## What this task involves
Could you write out each of the records below exactly?

#### Records for this task ####

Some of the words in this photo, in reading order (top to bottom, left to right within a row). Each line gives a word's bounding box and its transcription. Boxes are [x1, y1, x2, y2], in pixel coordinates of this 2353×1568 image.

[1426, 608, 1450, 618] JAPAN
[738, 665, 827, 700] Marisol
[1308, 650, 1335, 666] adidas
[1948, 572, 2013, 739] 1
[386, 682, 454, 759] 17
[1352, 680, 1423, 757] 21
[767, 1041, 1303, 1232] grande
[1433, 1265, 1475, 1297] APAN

####

## Exercise solution
Some of the words in this photo, in reading order (top to bottom, left to right within a row). Each line gives a word's bounding box and its transcription. Boxes are [x1, y1, x2, y2], in pixel coordinates of this 2353×1568 image.

[1426, 608, 1450, 618] JAPAN
[738, 665, 827, 700] Marisol
[1308, 650, 1335, 666] adidas
[1948, 572, 2013, 739] 1
[386, 682, 454, 759] 17
[1352, 680, 1423, 757] 21
[767, 1041, 1303, 1232] grande
[1433, 1265, 1475, 1297] APAN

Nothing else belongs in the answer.